(Stored data entries)
---------------

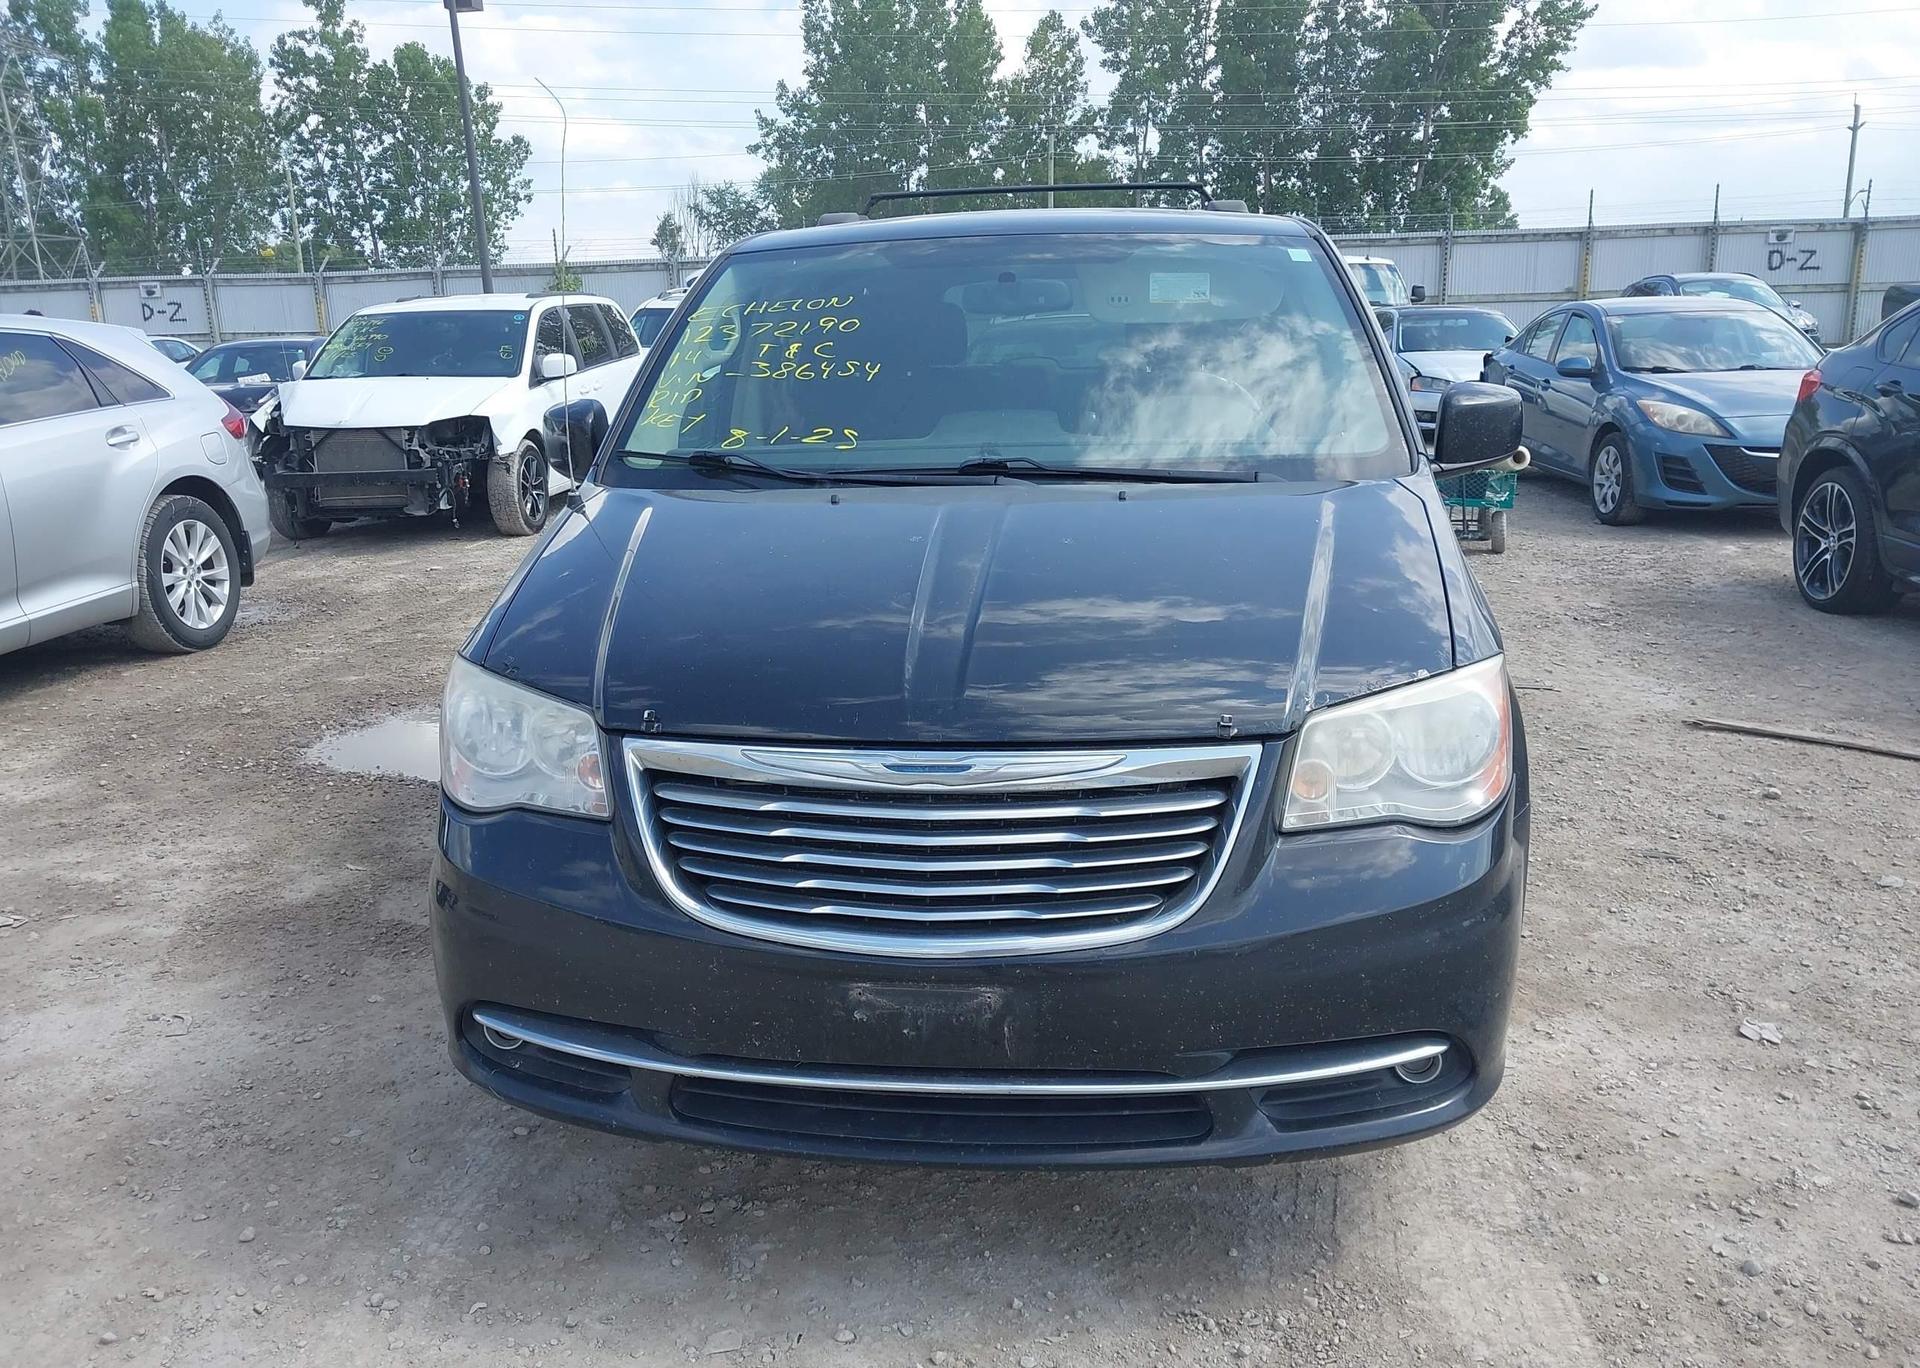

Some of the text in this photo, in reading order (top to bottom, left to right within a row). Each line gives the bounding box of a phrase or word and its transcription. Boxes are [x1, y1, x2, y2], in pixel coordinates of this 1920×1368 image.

[687, 296, 854, 322] ECHELON
[683, 317, 861, 345] 12372190
[760, 343, 780, 357] T
[814, 342, 835, 358] C
[641, 408, 706, 434] KEY

---------------

→ **EXERCISE**: The output is the data above, repeated exactly, with pictures omitted.

→ **SOLUTION TO THE EXERCISE**:
Some of the text in this photo, in reading order (top to bottom, left to right within a row). Each line gives the bounding box of a phrase or word and its transcription. Boxes are [x1, y1, x2, y2], in pixel coordinates of this 1920×1368 image.

[687, 296, 854, 322] ECHELON
[683, 317, 861, 345] 12372190
[760, 343, 780, 357] T
[814, 342, 835, 358] C
[641, 408, 706, 434] KEY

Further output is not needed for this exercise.